In our experience we find that more than 25% of the CV’s we receive contain multiple spelling, grammatical, formatting or other errors that escape attention during the proofreading process. Errors like these stand out like sore thumbs for an employer.
It is critical that you:
- Use your spell check fastidiously, but avoid using the replace option blindly!
- Have more than one person with strong written English skills review your CV in fine detail
- Use plain English – your CV is not the place to impress with your extensive vocabulary.
- Flowery language can come across as pretentious or confusing.
English as a second language
If English is your second language the proofreading stage is even more critical. Make sure you have a native English speaker review your CV carefully for grammar and spelling.
Forget the one or two page CV rule of thumb. If you can keep the CV to two pages and it covers all necessary detail terrific, but don’t let 1-2 pages dictate the format and content of your CV. The average CV we receive is 4-5 pages long so don’t stress too much about the length, focus instead on encapsulating highly relevant detail.
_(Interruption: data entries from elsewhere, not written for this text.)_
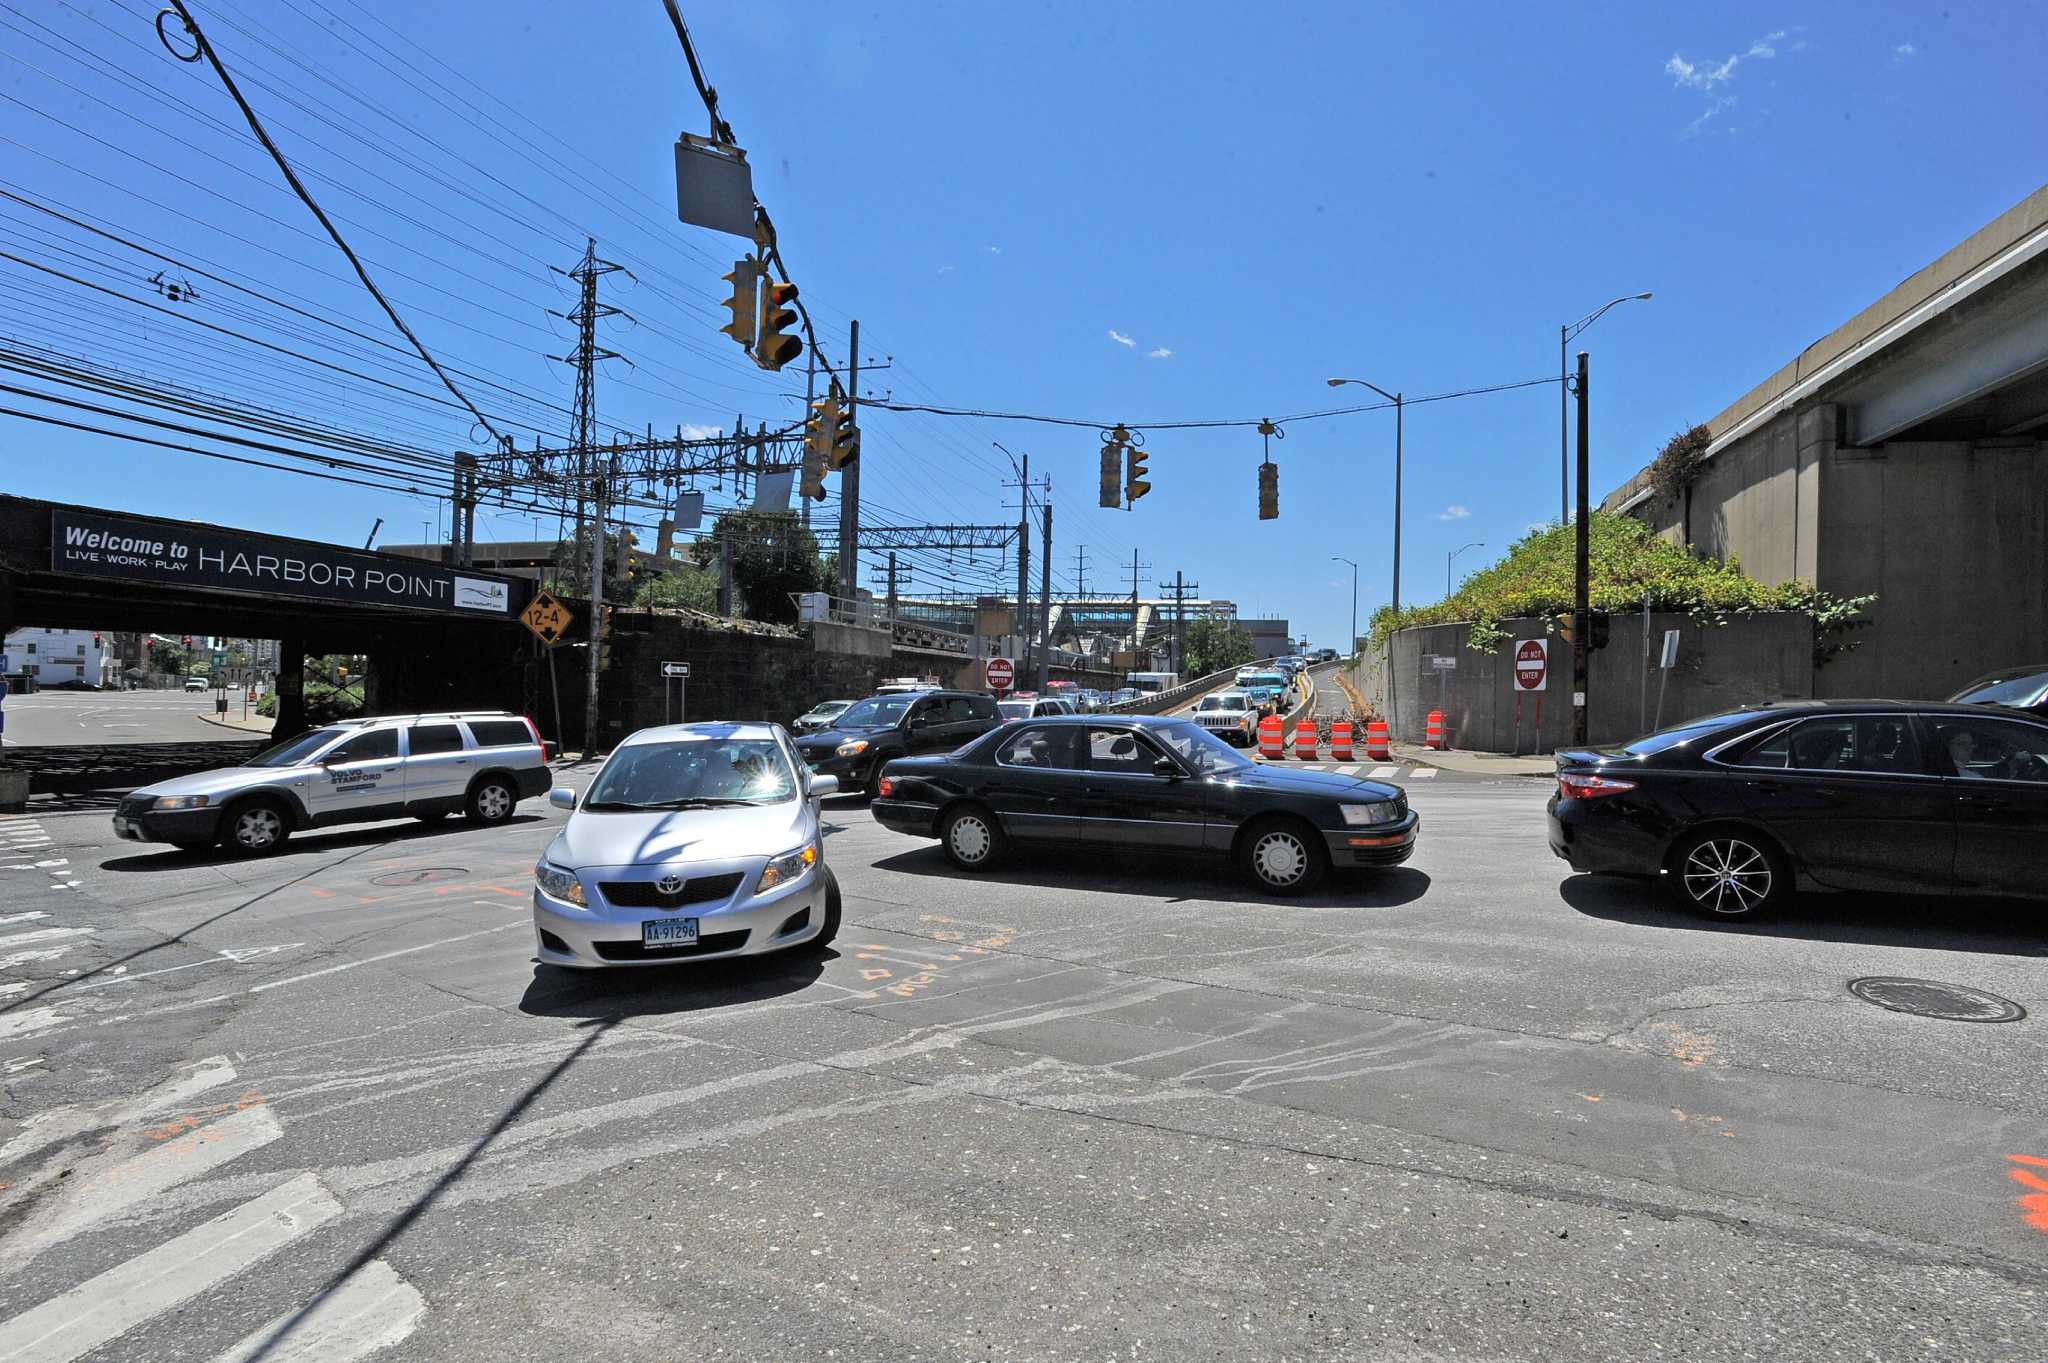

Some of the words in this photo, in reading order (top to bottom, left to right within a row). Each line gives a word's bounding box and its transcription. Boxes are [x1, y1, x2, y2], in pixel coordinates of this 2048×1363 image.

[66, 526, 164, 556] Welcome
[170, 541, 188, 559] to
[66, 549, 99, 562] LIVE
[106, 554, 148, 568] WORK
[155, 560, 188, 572] PLAY
[199, 547, 354, 588] HARBOR
[365, 570, 450, 599] POINT
[330, 769, 362, 778] VOLVO
[330, 773, 382, 784] STAMFORD
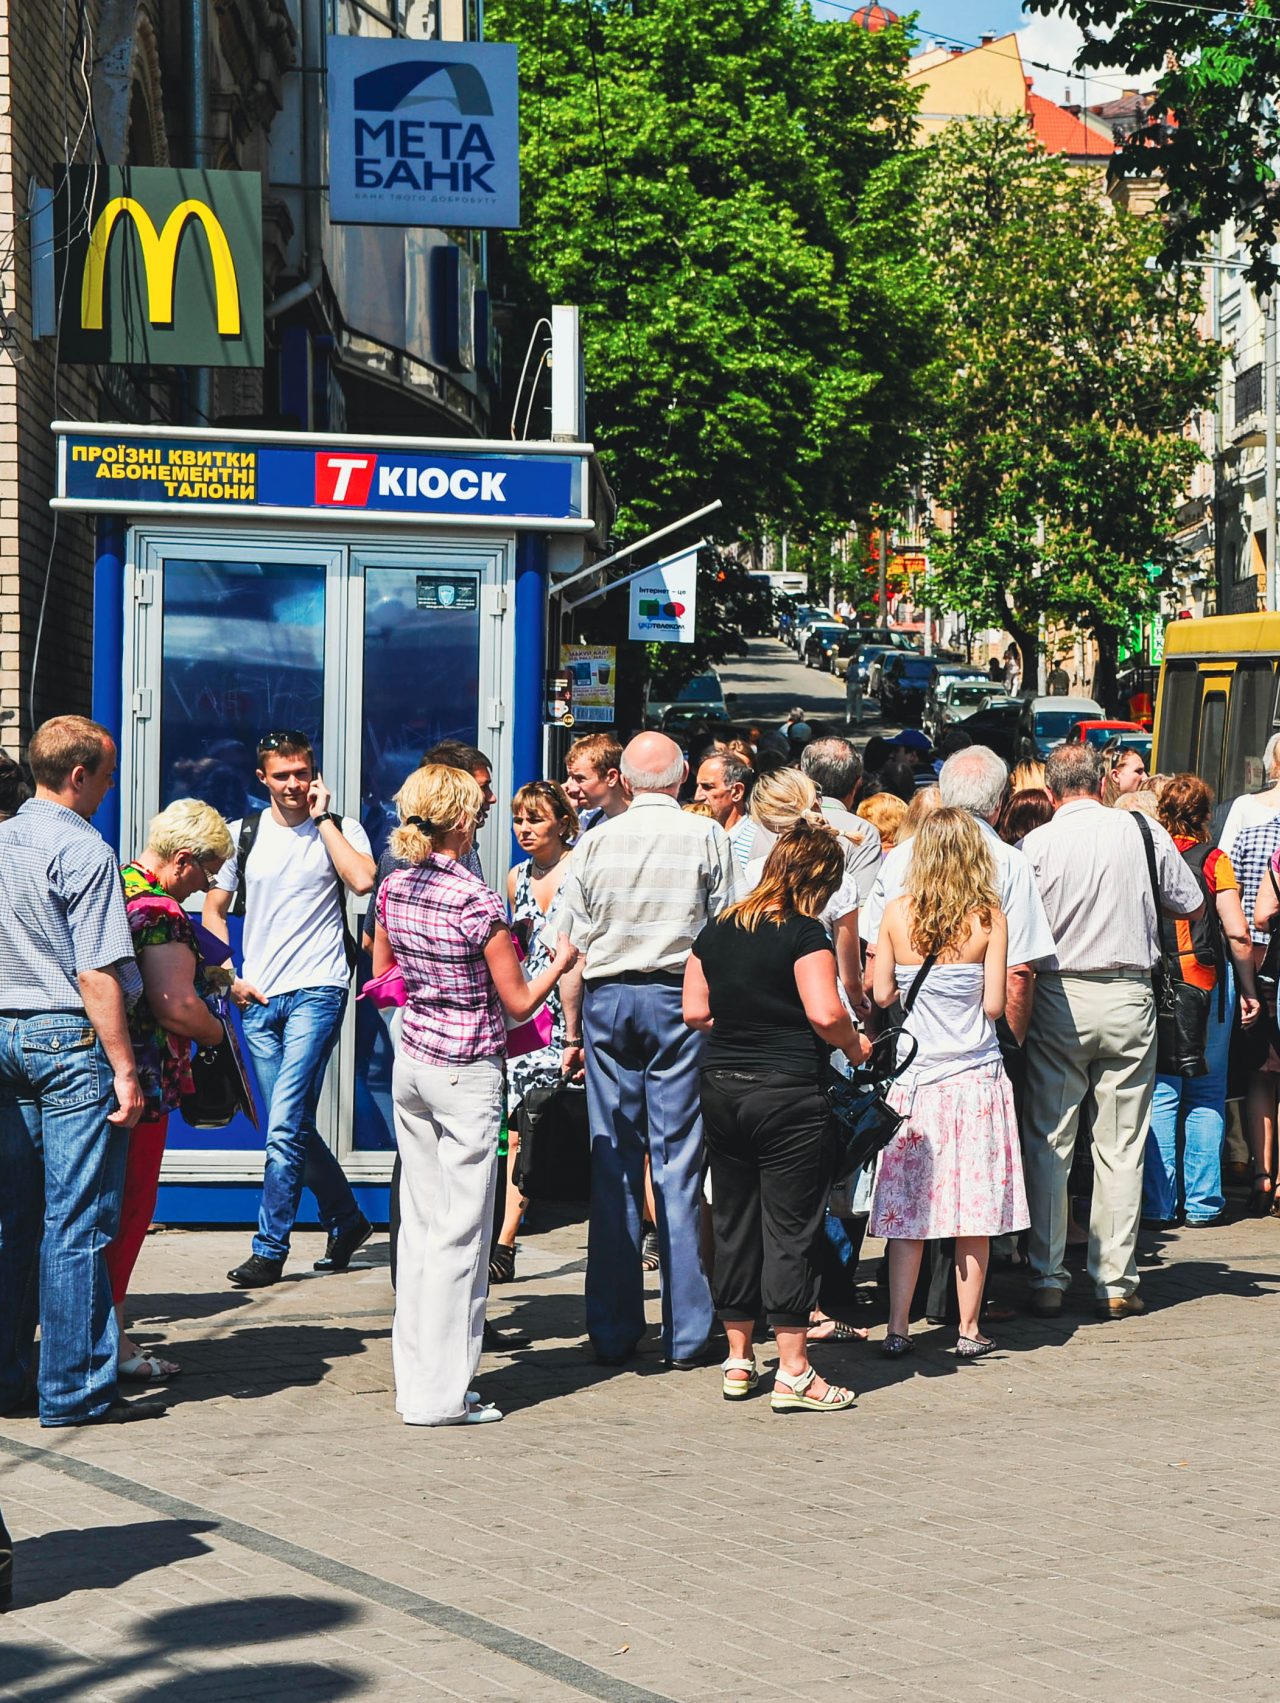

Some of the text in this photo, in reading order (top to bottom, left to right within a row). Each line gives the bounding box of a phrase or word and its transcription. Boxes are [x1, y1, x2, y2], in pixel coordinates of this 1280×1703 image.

[354, 118, 495, 161] МЕТА
[355, 158, 496, 193] БАНК
[430, 195, 497, 204] ДОБРОБУТУ
[72, 444, 255, 468] ПРОЇЗНІ КВИТКИ
[96, 463, 255, 484] АБОНЕМЕНТНІ
[378, 466, 507, 502] КІОСК
[164, 481, 255, 500] ТАЛОНИ
[639, 586, 669, 595] Інтернет
Canberra CV’s – Are they a little bit different?
Canberra CV’s in general seem to require more detail. Whether this is the influence of Government employers or not, Canberra employers seek to know more about EXACTLY what you have done from your CV. This includes detailed lists of duties and responsibilities complemented by relevant specific achievements.
This detailed information is particularly critical for those seeking to transition their career from other sectors (e.g. Commerce) into Government. Make it easy to see clear parallels between the work you have done and the kinds of roles you are targeting. If you are from interstate, clarify details about your previous employers to create meaningful context for Canberra employers who may not be aware of who they are, what they do, their size etc.
The average CV we receive in Canberra is four to five pages long to cope with this additional detail, and sometimes longer. Don’t be fearful of creating a comprehensive, detailed description of your employment history and including information about specific achievements or projects.
The overall structure/content
Although not 100% essential, stating a career objective at the start of your CV allows you to focus the attention of your reader on where you are at now and describes who you are. It creates a motivational snapshot for the reader; it qualifies information about your career direction and directs the reader towards focussing on key relevant information in your CV.
The career objective should be a mix of generic, replicable information that can then be tailored for each specific role you apply for.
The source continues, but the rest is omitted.